▶ _WORK TO BE COMPLETED_: Output the records exactly, and drop each picture.

▶ _PROVIDED RECORDS_:

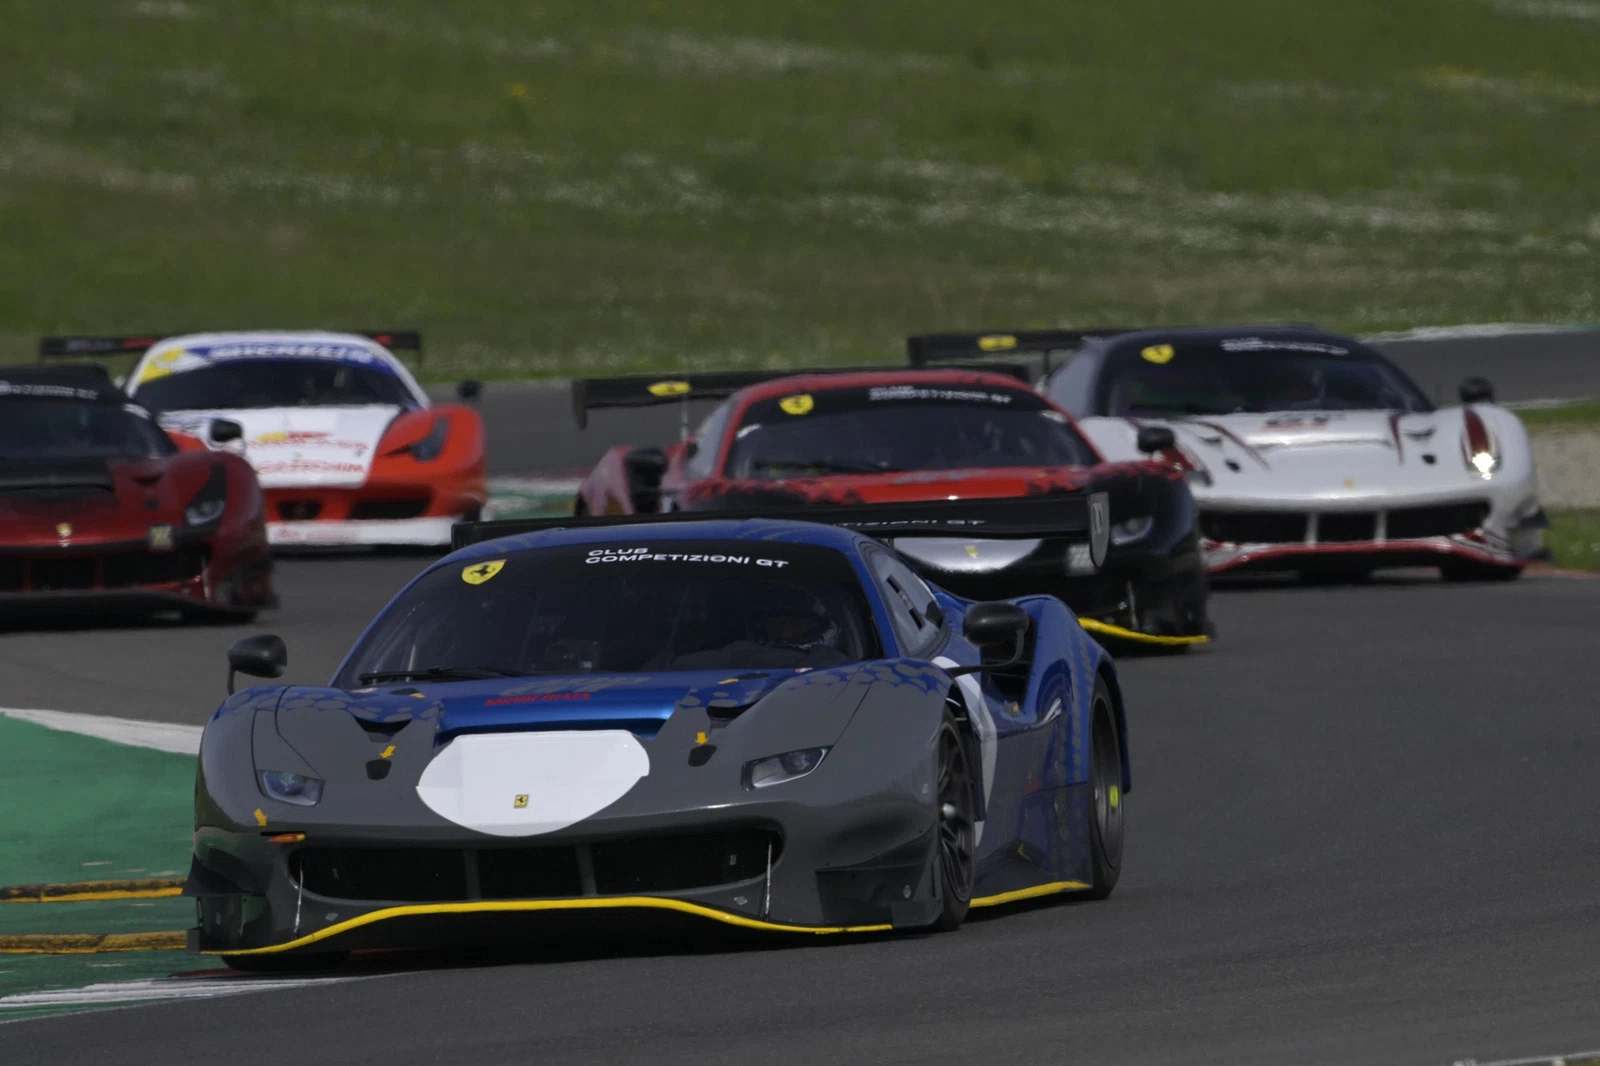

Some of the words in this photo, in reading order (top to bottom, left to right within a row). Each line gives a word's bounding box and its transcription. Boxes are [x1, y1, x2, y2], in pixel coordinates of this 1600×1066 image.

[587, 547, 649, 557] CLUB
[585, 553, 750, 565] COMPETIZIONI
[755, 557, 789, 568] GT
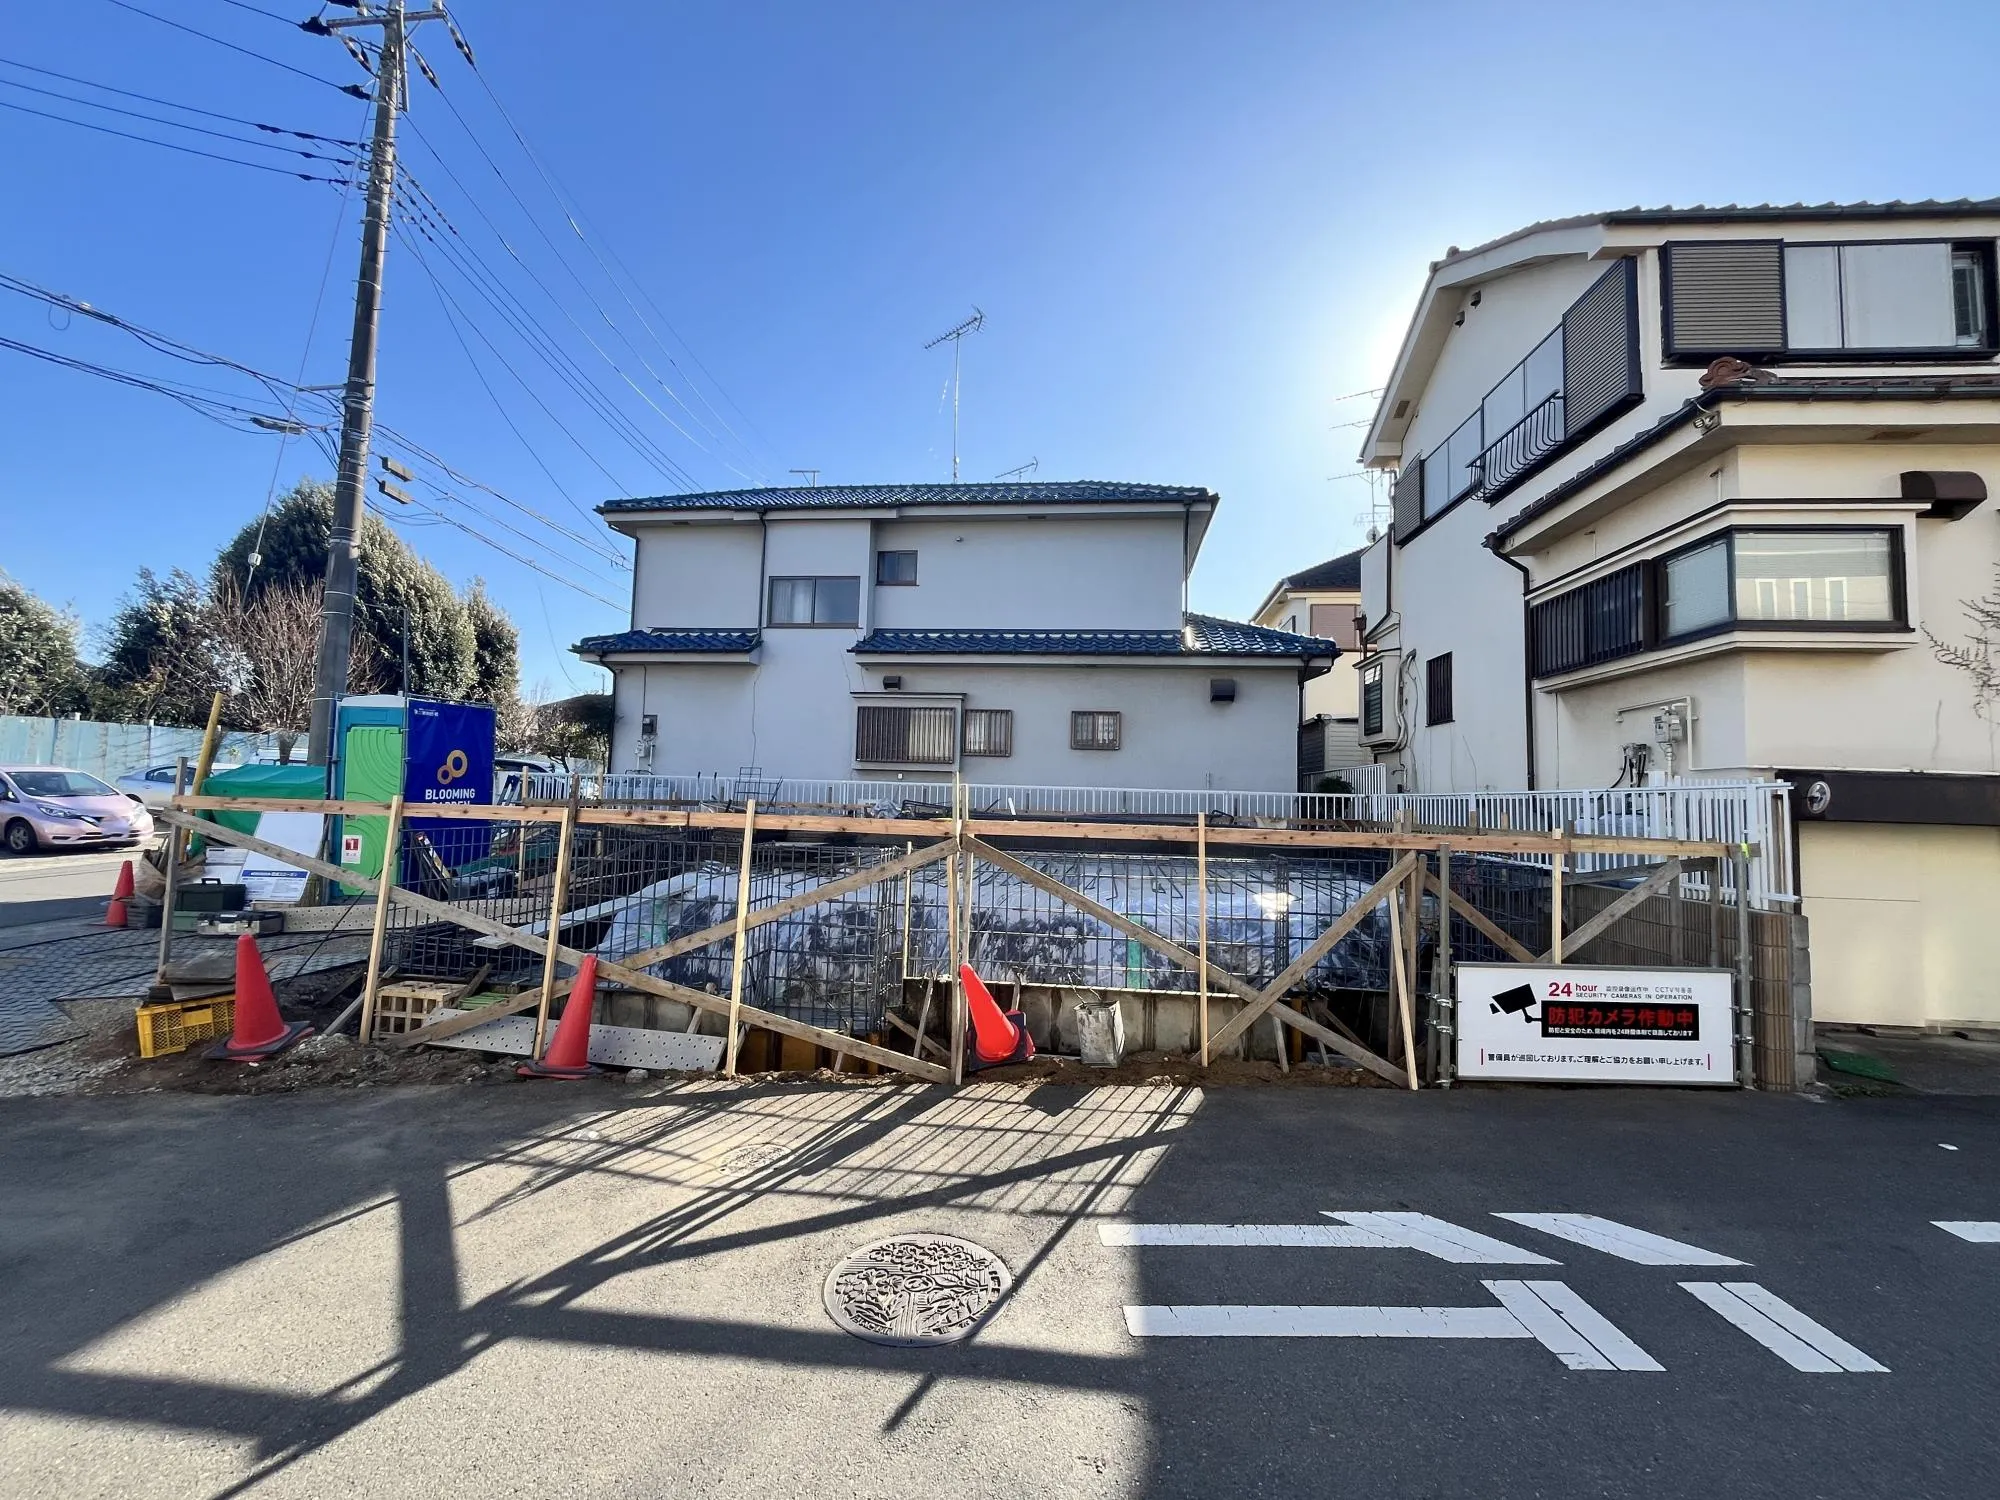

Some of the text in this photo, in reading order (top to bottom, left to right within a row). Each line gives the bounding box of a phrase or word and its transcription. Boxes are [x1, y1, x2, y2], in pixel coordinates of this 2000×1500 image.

▶ _SOLUTION TO THE EXERCISE_:
Some of the words in this photo, in reading order (top to bottom, left to right within a row). Each line gives a word's bounding box and its transcription. Boxes are [x1, y1, x2, y2], in pixel coordinates of this 1600×1066 image.

[587, 547, 649, 557] CLUB
[585, 553, 750, 565] COMPETIZIONI
[755, 557, 789, 568] GT

Some of the text in this photo, in reading order (top to bottom, left to right within a row). Each line gives the bounding box of a phrase or word and its transcription. Boxes are [x1, y1, x2, y2], in pixel coordinates of this 2000×1500 image.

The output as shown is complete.